(Problem):
After locating the line containing "Some of the words", restate that line and each one after it exactly, through the last line of the material.

===== Records provided =====

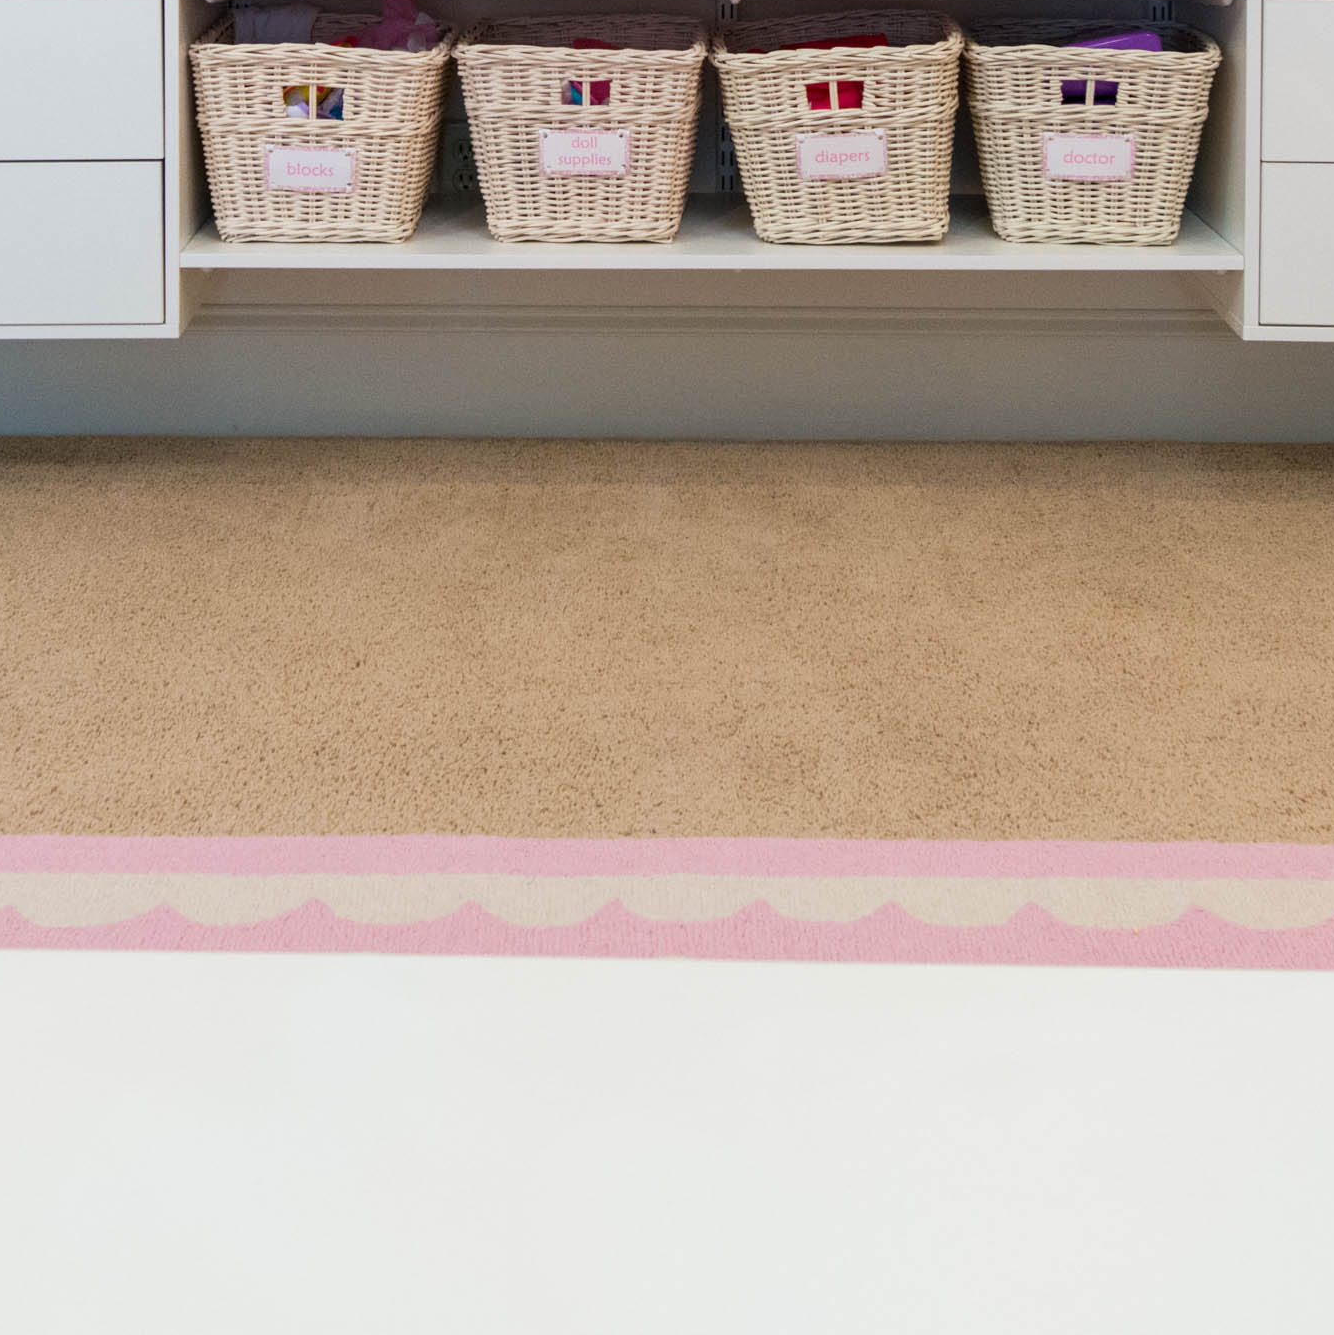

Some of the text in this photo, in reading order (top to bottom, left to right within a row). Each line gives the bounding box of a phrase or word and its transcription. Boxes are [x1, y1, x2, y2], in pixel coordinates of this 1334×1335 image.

[570, 137, 599, 149] doll
[557, 152, 612, 168] supplies
[814, 149, 870, 166] diapers
[1062, 150, 1116, 165] doctor
[287, 163, 333, 177] blocks
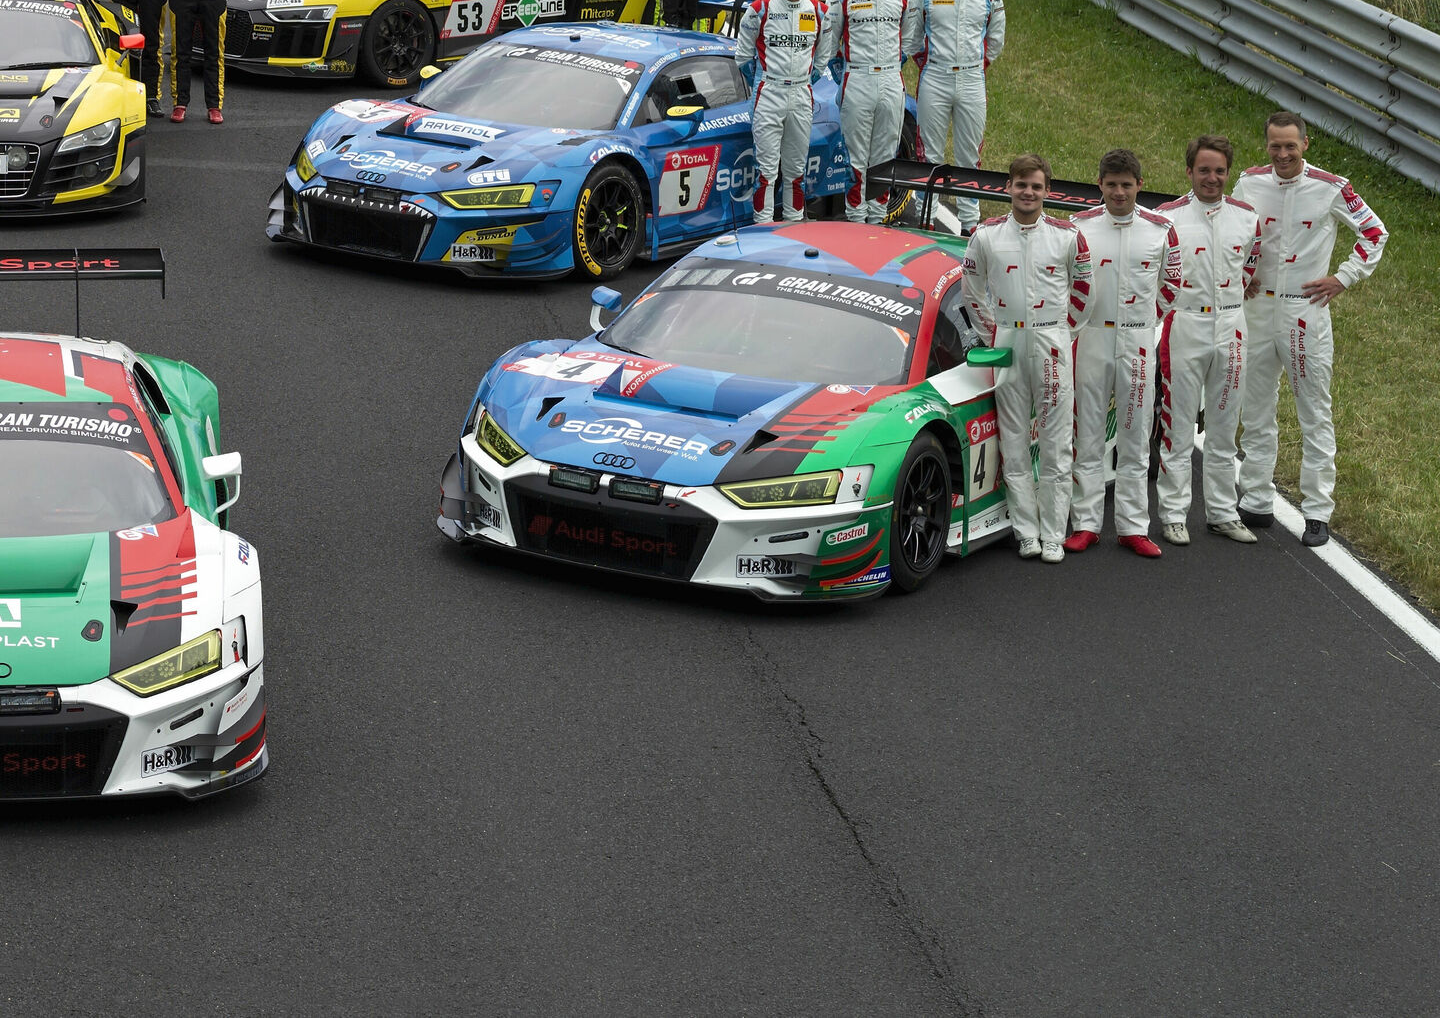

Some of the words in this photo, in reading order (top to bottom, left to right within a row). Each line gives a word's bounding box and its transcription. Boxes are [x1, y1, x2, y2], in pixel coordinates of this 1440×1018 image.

[457, 1, 483, 33] 53
[580, 7, 615, 20] Mitcaps
[799, 13, 816, 21] ADAC
[255, 24, 274, 32] MOTUL
[529, 27, 651, 48] SCHERER
[538, 51, 576, 62] GRAN
[423, 120, 491, 139] RAVENOL
[339, 151, 437, 176] SCHERER
[589, 142, 635, 164] FALKEN
[681, 152, 709, 165] TOTAL
[678, 170, 691, 207] 5
[476, 231, 517, 242] DUNLOP
[576, 195, 593, 268] DUNLOP
[0, 257, 120, 271] Sport
[778, 276, 828, 294] GRAN
[935, 275, 948, 293] KAFFER
[775, 286, 792, 294] THE
[793, 289, 816, 298] REAL
[817, 293, 852, 305] DRIVING
[853, 301, 904, 323] SIMULATOR
[1234, 342, 1242, 364] Audi
[1298, 331, 1307, 353] Audi
[557, 361, 591, 379] 4
[598, 354, 644, 368] TOTAL
[1051, 359, 1059, 381] Audi
[1298, 354, 1307, 378] Sport
[626, 362, 673, 396] NORDRHEIN
[1043, 358, 1051, 403] customer
[1232, 365, 1242, 390] Sport
[1292, 371, 1300, 398] racing
[1136, 382, 1146, 408] Sport
[1218, 384, 1232, 411] racing
[1040, 403, 1049, 429] racing
[1125, 403, 1135, 430] racing
[25, 427, 68, 435] DRIVING
[70, 430, 129, 444] SIMULATOR
[561, 420, 710, 456] SCHERER
[621, 439, 640, 449] Autos
[642, 442, 655, 451] sind
[656, 446, 679, 456] unsere
[681, 450, 698, 462] Welt.
[973, 442, 985, 490] 4
[555, 519, 605, 544] Audi
[611, 531, 678, 557] Sport
[836, 526, 866, 544] Castrol
[738, 556, 773, 573] H&R
[3, 751, 87, 775] Sport
[144, 748, 175, 771] H&R

=====

(Solution to this task):
Some of the words in this photo, in reading order (top to bottom, left to right within a row). Each line gives a word's bounding box and its transcription. Boxes are [x1, y1, x2, y2], in pixel coordinates of this 1440×1018 image.

[457, 1, 483, 33] 53
[580, 7, 615, 20] Mitcaps
[799, 13, 816, 21] ADAC
[255, 24, 274, 32] MOTUL
[529, 27, 651, 48] SCHERER
[538, 51, 576, 62] GRAN
[423, 120, 491, 139] RAVENOL
[339, 151, 437, 176] SCHERER
[589, 142, 635, 164] FALKEN
[681, 152, 709, 165] TOTAL
[678, 170, 691, 207] 5
[476, 231, 517, 242] DUNLOP
[576, 195, 593, 268] DUNLOP
[0, 257, 120, 271] Sport
[778, 276, 828, 294] GRAN
[935, 275, 948, 293] KAFFER
[775, 286, 792, 294] THE
[793, 289, 816, 298] REAL
[817, 293, 852, 305] DRIVING
[853, 301, 904, 323] SIMULATOR
[1234, 342, 1242, 364] Audi
[1298, 331, 1307, 353] Audi
[557, 361, 591, 379] 4
[598, 354, 644, 368] TOTAL
[1051, 359, 1059, 381] Audi
[1298, 354, 1307, 378] Sport
[626, 362, 673, 396] NORDRHEIN
[1043, 358, 1051, 403] customer
[1232, 365, 1242, 390] Sport
[1292, 371, 1300, 398] racing
[1136, 382, 1146, 408] Sport
[1218, 384, 1232, 411] racing
[1040, 403, 1049, 429] racing
[1125, 403, 1135, 430] racing
[25, 427, 68, 435] DRIVING
[70, 430, 129, 444] SIMULATOR
[561, 420, 710, 456] SCHERER
[621, 439, 640, 449] Autos
[642, 442, 655, 451] sind
[656, 446, 679, 456] unsere
[681, 450, 698, 462] Welt.
[973, 442, 985, 490] 4
[555, 519, 605, 544] Audi
[611, 531, 678, 557] Sport
[836, 526, 866, 544] Castrol
[738, 556, 773, 573] H&R
[3, 751, 87, 775] Sport
[144, 748, 175, 771] H&R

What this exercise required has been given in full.